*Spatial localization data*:

----------

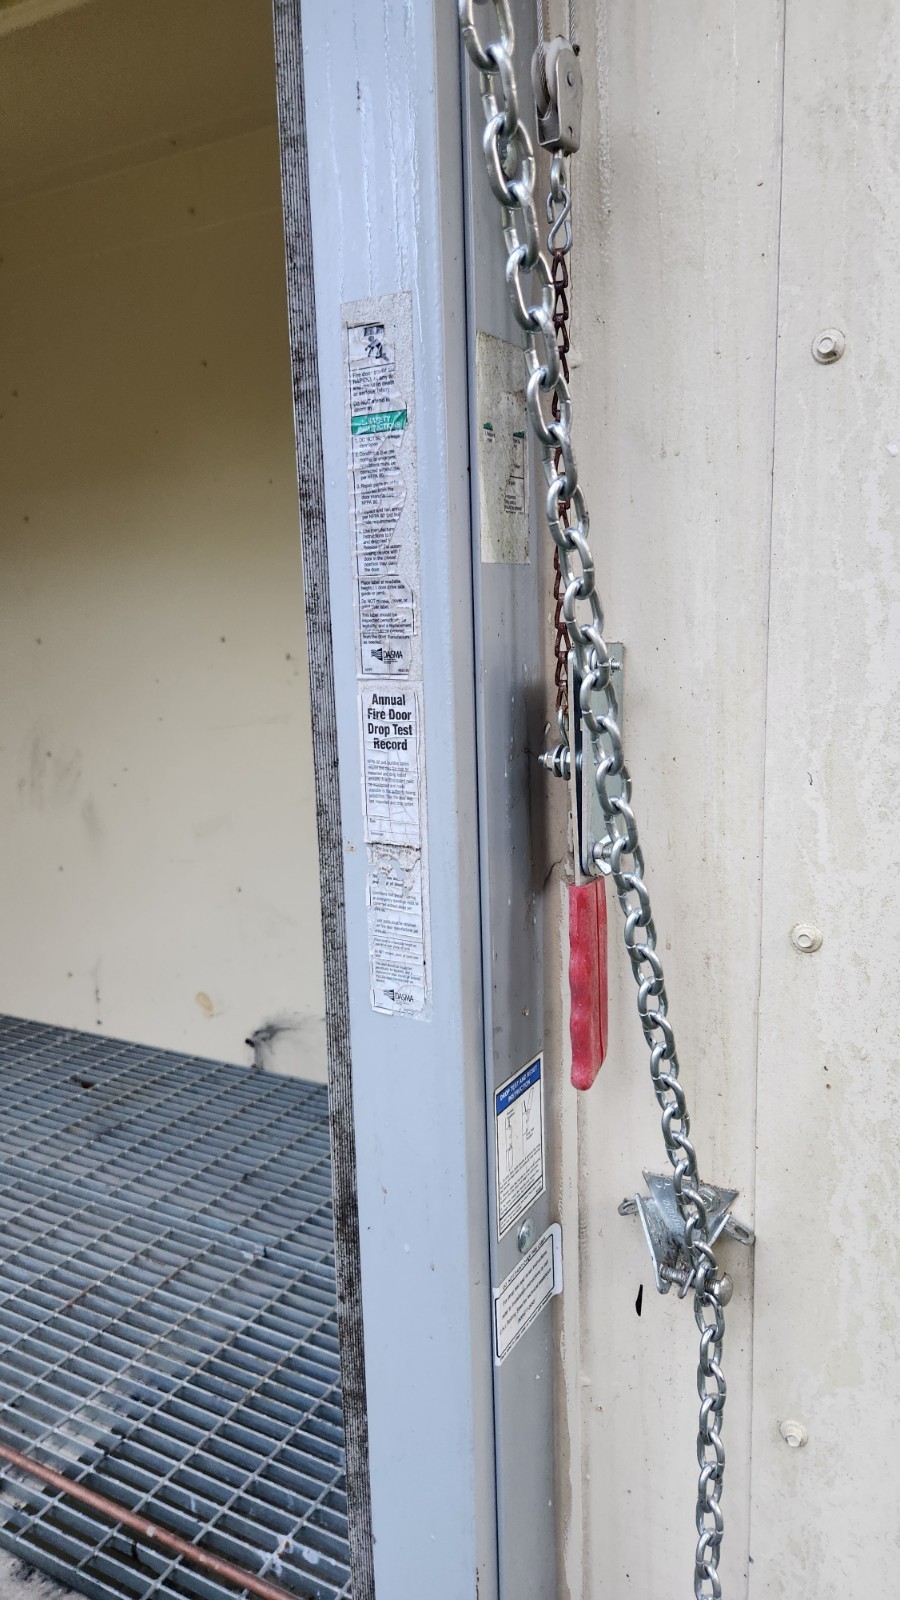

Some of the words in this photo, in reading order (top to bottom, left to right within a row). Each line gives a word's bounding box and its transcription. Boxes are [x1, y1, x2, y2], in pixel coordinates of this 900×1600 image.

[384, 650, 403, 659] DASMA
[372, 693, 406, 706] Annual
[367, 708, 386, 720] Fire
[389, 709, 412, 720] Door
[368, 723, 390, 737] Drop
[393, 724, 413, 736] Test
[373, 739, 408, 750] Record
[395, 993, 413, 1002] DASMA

----------

*HOW TO COMPLETE THIS TASK*:
Would you output all of the entries above exactly, keeping the pictures out?

*SOLUTION FOR THIS PROBLEM*:
Some of the words in this photo, in reading order (top to bottom, left to right within a row). Each line gives a word's bounding box and its transcription. Boxes are [x1, y1, x2, y2], in pixel coordinates of this 900×1600 image.

[384, 650, 403, 659] DASMA
[372, 693, 406, 706] Annual
[367, 708, 386, 720] Fire
[389, 709, 412, 720] Door
[368, 723, 390, 737] Drop
[393, 724, 413, 736] Test
[373, 739, 408, 750] Record
[395, 993, 413, 1002] DASMA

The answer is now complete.